After 74 Years, a World War II Marine Comes Home

It’s a remarkable and very American story. A family with a service member missing in action is haunted with the matter being unsettled or unfinished. Rarely does the family get the fallen soldier’s remains returned decades later. But that’s exactly what happened to Gerry Murphy, former CEO of WANADA, when his Uncle Richard’s remains were positively identified 74 years later.

Murphy’s uncle Richard, a Marine Corps war correspondent, went MIA at age 26 in 1944 at the Battle of Siapan in the Pacific during the U.S. conflict with Japan in World War II. Fellow Marine eye witnesses said StfSgt Richard J. Murphy, Jr. went missing, and presumably was killed, when the invasion force of which he was a part came under severe enemy fire as it approached the beach at Siapan. When the amphibious vehicle Richard was in became disabled and the troops abandoned ship, Richard stayed back to assist a wounded comrade; shortly thereafter, the craft, with Richard and the other man still on board, was shelled by the enemy and blown up. Neither man was ever seen again.
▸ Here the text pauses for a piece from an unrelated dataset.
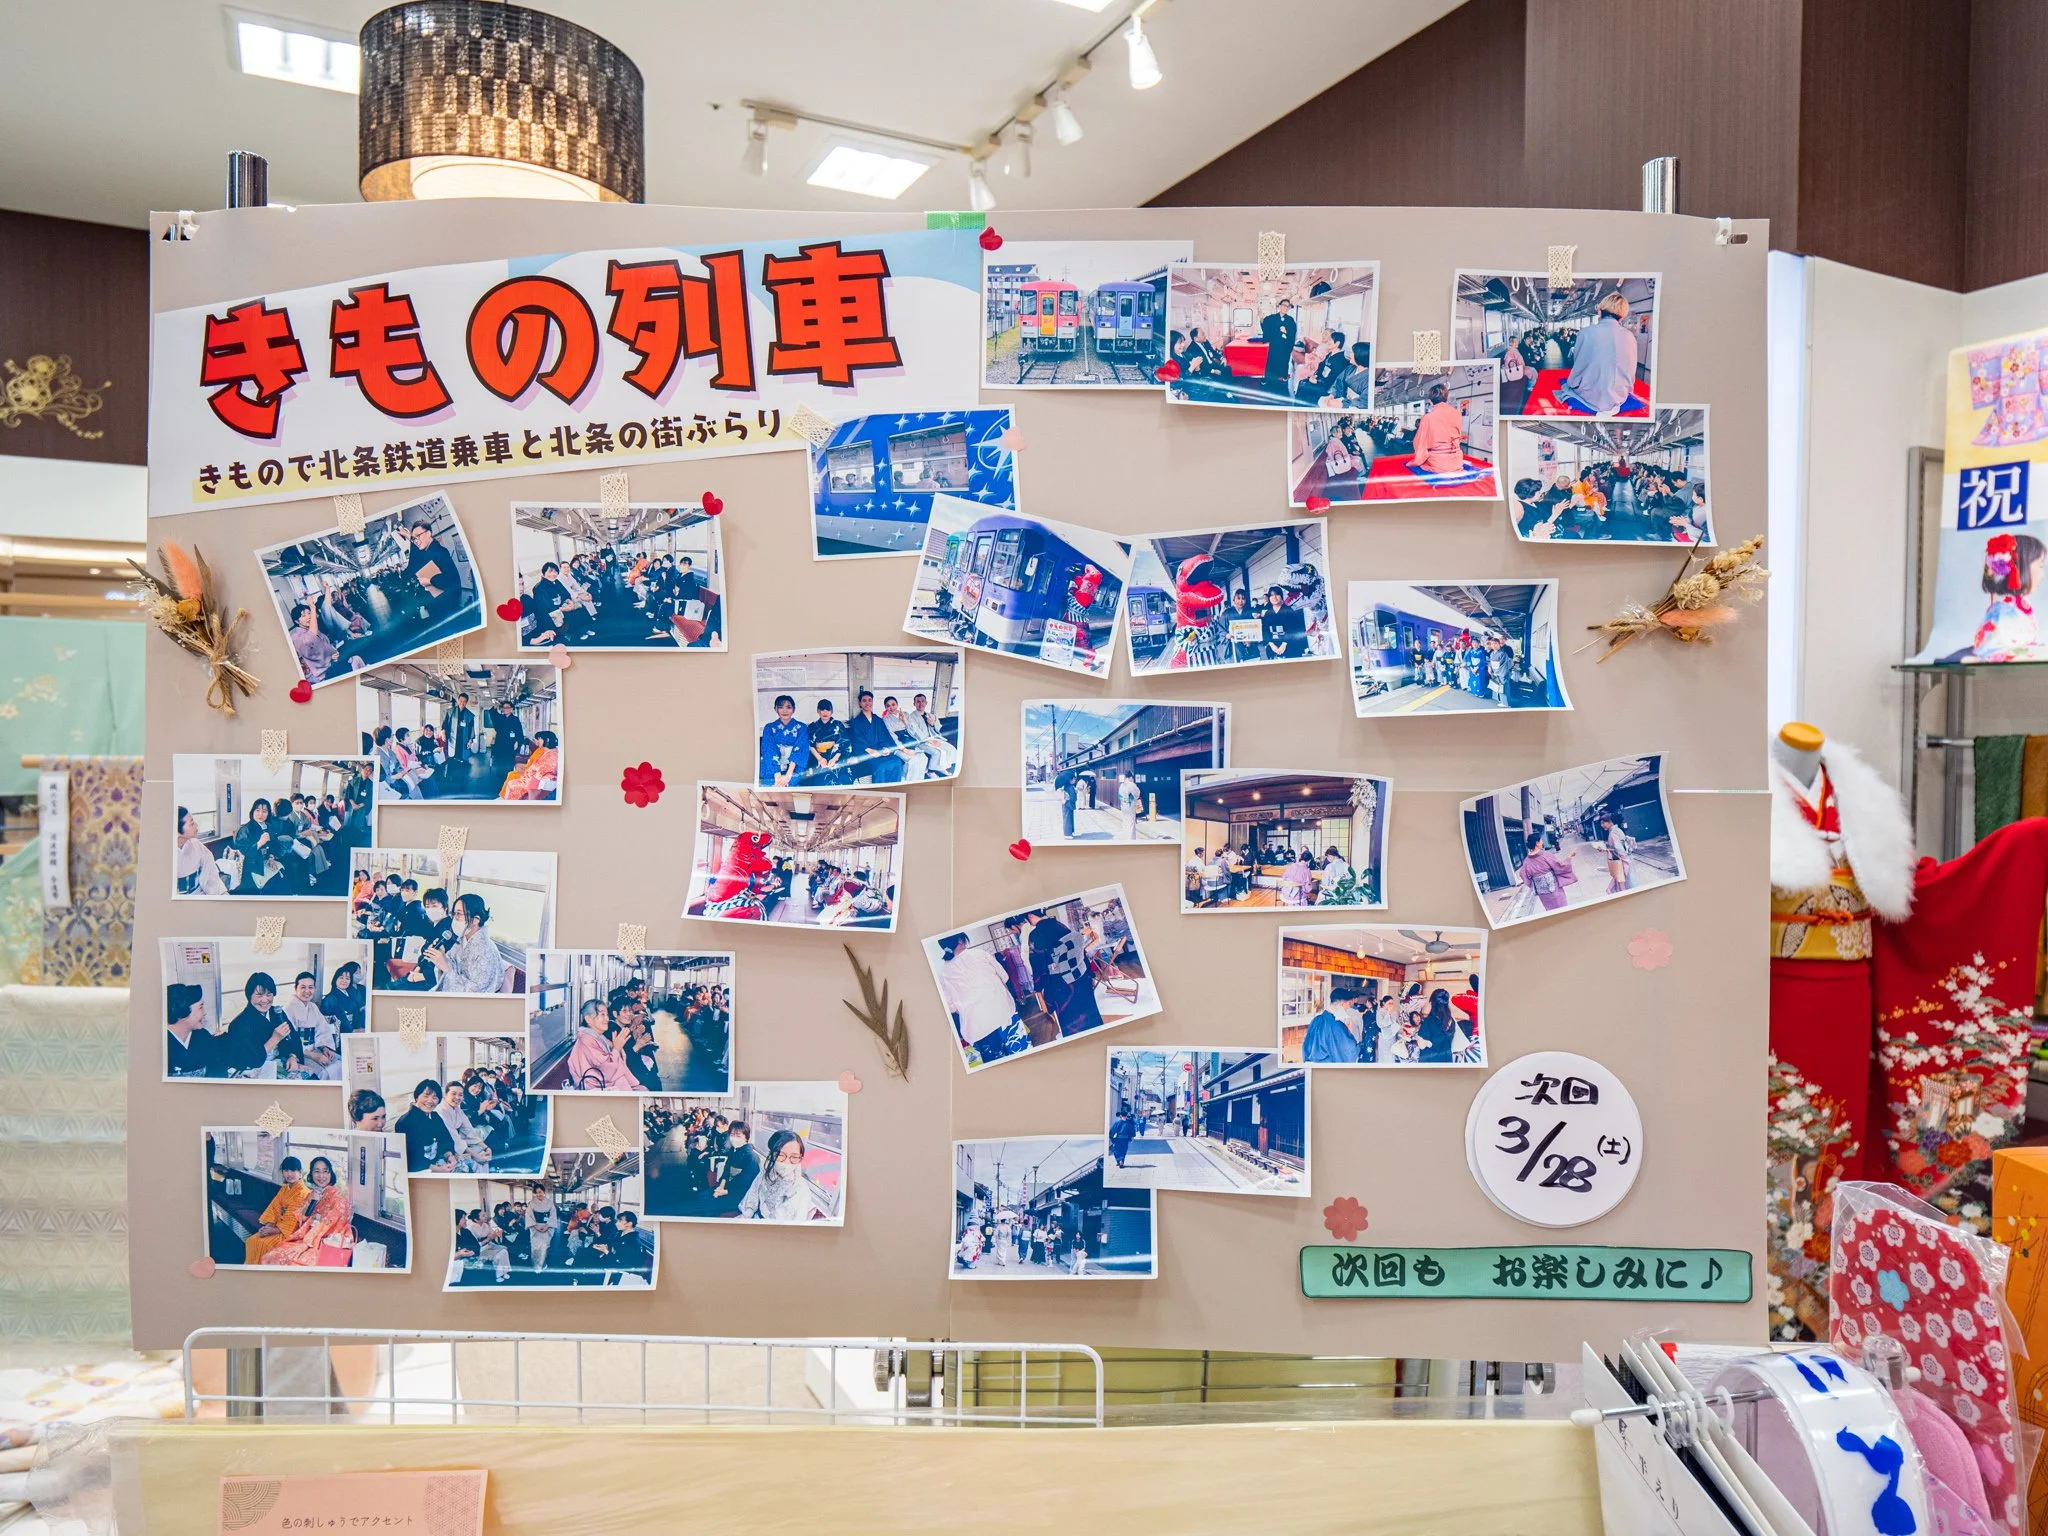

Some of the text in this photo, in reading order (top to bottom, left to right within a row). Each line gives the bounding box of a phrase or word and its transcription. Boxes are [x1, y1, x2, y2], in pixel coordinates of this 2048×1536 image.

Gerry Murphy said he, his sister and five cousins all felt as if they knew their Uncle Richard, though none had ever met him since he went MIA in the war before any of them were born. “We were all very proud of our Uncle Richard for the heroism he displayed, being killed in action as he attempted to help a fellow Marine,” said Murphy. “We felt Richard was part of the many family occasions we enjoyed over the years from the rich stories our parents and grandparents shared about him,” he said.

What made it harder for the Murphy family when Richard was killed was that his remains were not recovered. But that all changed last year when the remains were recovered. With 21st Century technology and the dedicated collaboration of veteran advocacy groups from Japan and the U.S., Richard Murphy’s remains were positively identified, matching dental records with those of an unknown soldier interred in an MIA grave in the American Cemetery in Manilla, and later corroborated with DNA samples provided by Gerry Murphy and his cousins when the MIA remains were ultimately disinterred.
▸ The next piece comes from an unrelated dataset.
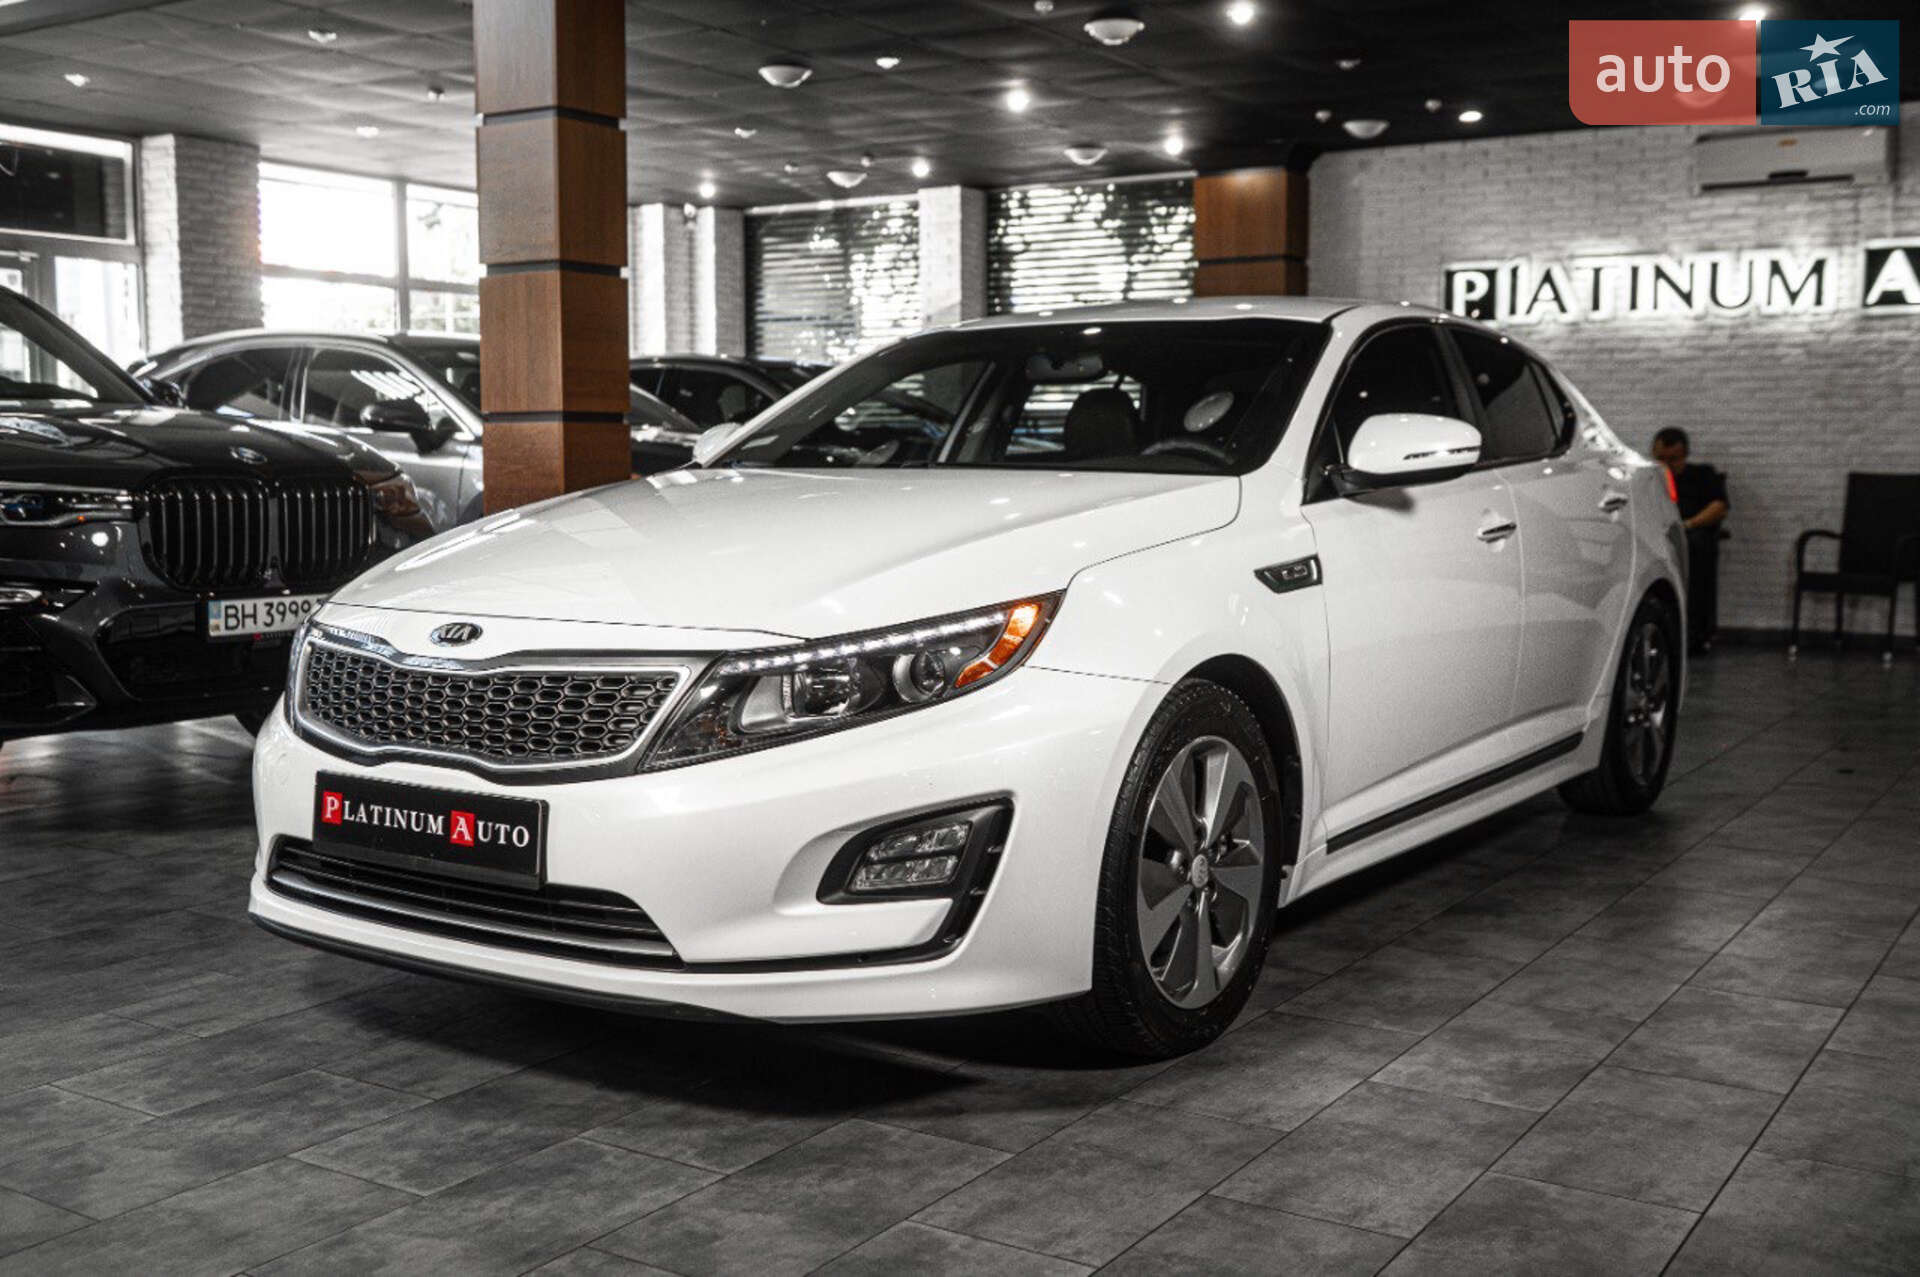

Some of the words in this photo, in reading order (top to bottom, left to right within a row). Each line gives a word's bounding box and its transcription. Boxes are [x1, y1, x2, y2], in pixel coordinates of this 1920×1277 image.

[224, 602, 258, 631] BH
[325, 795, 446, 836] PLATINUM
[452, 815, 530, 848] AUTO
“So there we were, getting Uncle Richard back at long last,” said Murphy. “And we did what any good family named Murphy would do: We had an Irish wake and full-fledged Catholic funeral for him.” And, indeed, a full-fledged funeral it was earlier this month, from the U.S. Marine Honor Guard, 21gun salute, and Taps to the bagpiper playing Amazing Grace on the hill overlooking the Murphy plot at Gate of Heaven Cemetery in Silver Spring, Md.

“We buried Uncle Richard in the Murphy plot, next to his mother, my grandmother, Mollie, not far away from my folks, Mike and Marguerite,” said Gerry Murphy.
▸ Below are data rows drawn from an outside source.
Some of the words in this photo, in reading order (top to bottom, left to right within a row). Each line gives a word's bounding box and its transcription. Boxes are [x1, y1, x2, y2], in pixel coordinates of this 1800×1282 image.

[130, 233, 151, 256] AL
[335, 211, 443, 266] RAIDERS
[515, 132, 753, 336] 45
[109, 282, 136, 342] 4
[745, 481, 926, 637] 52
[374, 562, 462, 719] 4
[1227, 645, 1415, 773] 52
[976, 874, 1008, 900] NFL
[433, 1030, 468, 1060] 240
“I’m especially glad, too, that we got Dad’s ‘kid brother’ home after all these years,” said Murphy, reflecting on the strong bond he remembered his father, Mike, saying he had with brother Richard. And the final thought from Richard’s nephew, Gerry: “If I don’t go down in a plane crash or otherwise go missing, they’ll one day bury Jackie and me next to Uncle Richard, and that’s really cool.”